The Black Hero of the Trojan War
For February, in honor of Black History Month, we bring you the great Black hero of the Trojan War, Memnon, King of the Ethiopians. His mother was Eos, Goddess of the Dawn. The Ethiopians occupy a favored place in Homeric epic, where they are a semi-mythical people in whose company the gods enjoy lavish banquets. In Iliad 1.423-426, Zeus cannot help Thetis, mother of Achilles, because he is off visiting the Ethiopians. In Iliad 23.205-207, it is the goddess Iris who must hurry off to an Ethiopian sacrifice and banquet. In Odyssey 1.22-25, Poseidon receives sacrifices from the Ethiopians.
Memnon does not appear in the Iliad, which does not describe the last desperate period of the war, but ends with the funeral of Hector, slain by the raging Achilles in revenge for his killing of Patroclus. It is only after this that Memnon arrives with his army to support the Trojans.
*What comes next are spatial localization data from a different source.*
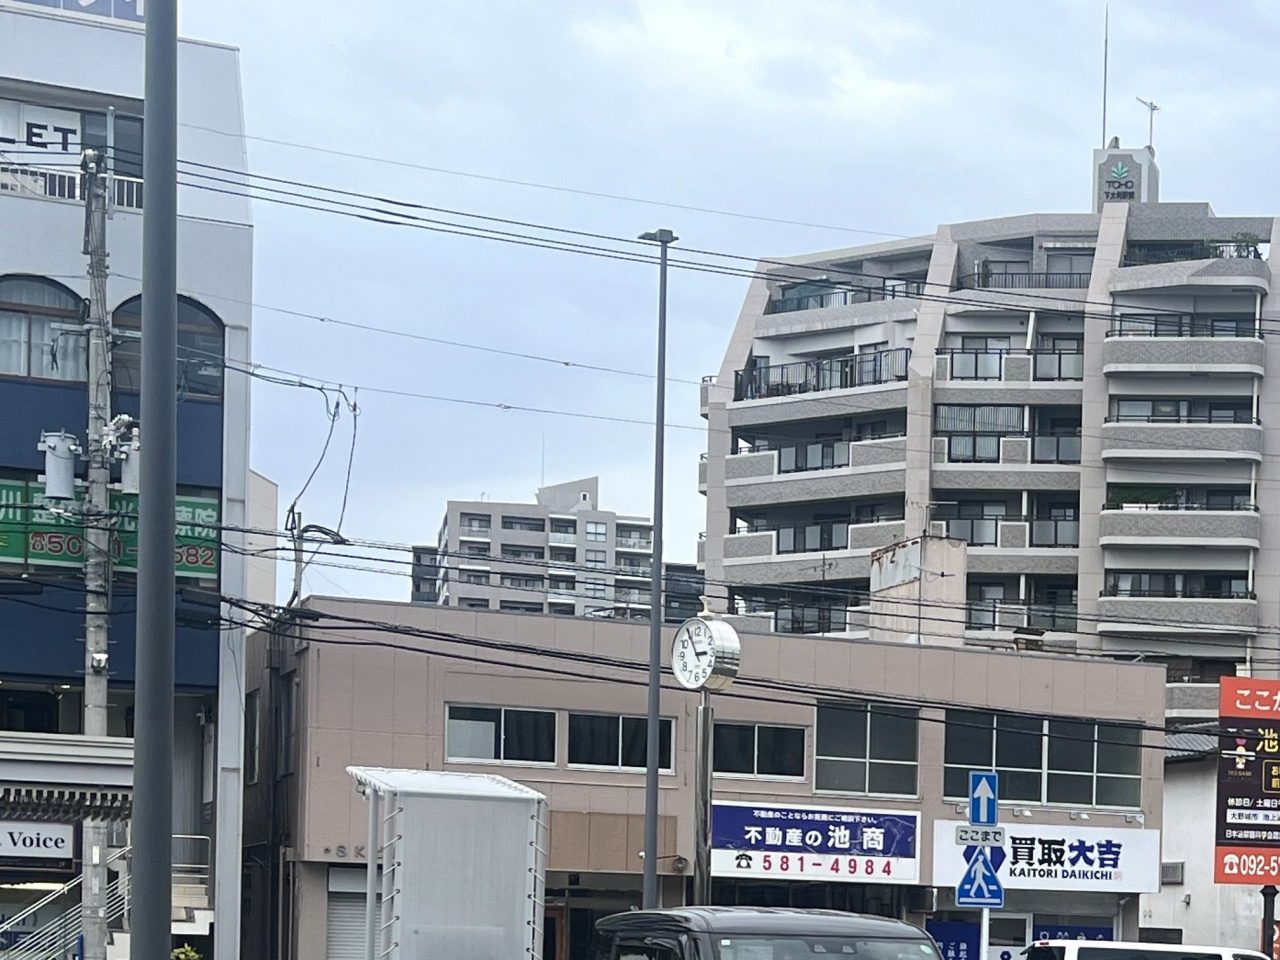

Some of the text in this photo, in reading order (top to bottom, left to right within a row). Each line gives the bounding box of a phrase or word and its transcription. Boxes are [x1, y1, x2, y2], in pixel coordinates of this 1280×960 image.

[7, 831, 66, 849] Voice
[959, 829, 1002, 842] ここまで
[1009, 836, 1122, 868] 買取大吉
[762, 855, 892, 876] 581-4984
[1009, 867, 1112, 880] KAITORI DAIKICHI
Memnon was, however, featured in other poems of the Epic Cycle, which were prequels and sequels that filled in stories of what happened before and after the war as told in the Iliad and Odyssey. All of these poems are lost, but summaries and excerpts survive in later authors. One poem was, in fact, called the Aithiopis, or the Ethiopian Poem, which narrates events that immediately follow the Iliad. It begins with the arrival of the Amazon Penthesilea, who comes to support the Trojans, but is killed by Achilles. Then Memnon arrives with his army, but he, too, is killed by Achilles. Achilles pursues the Trojans to the gates of Troy, where he is killed by Paris, who is also eventually killed.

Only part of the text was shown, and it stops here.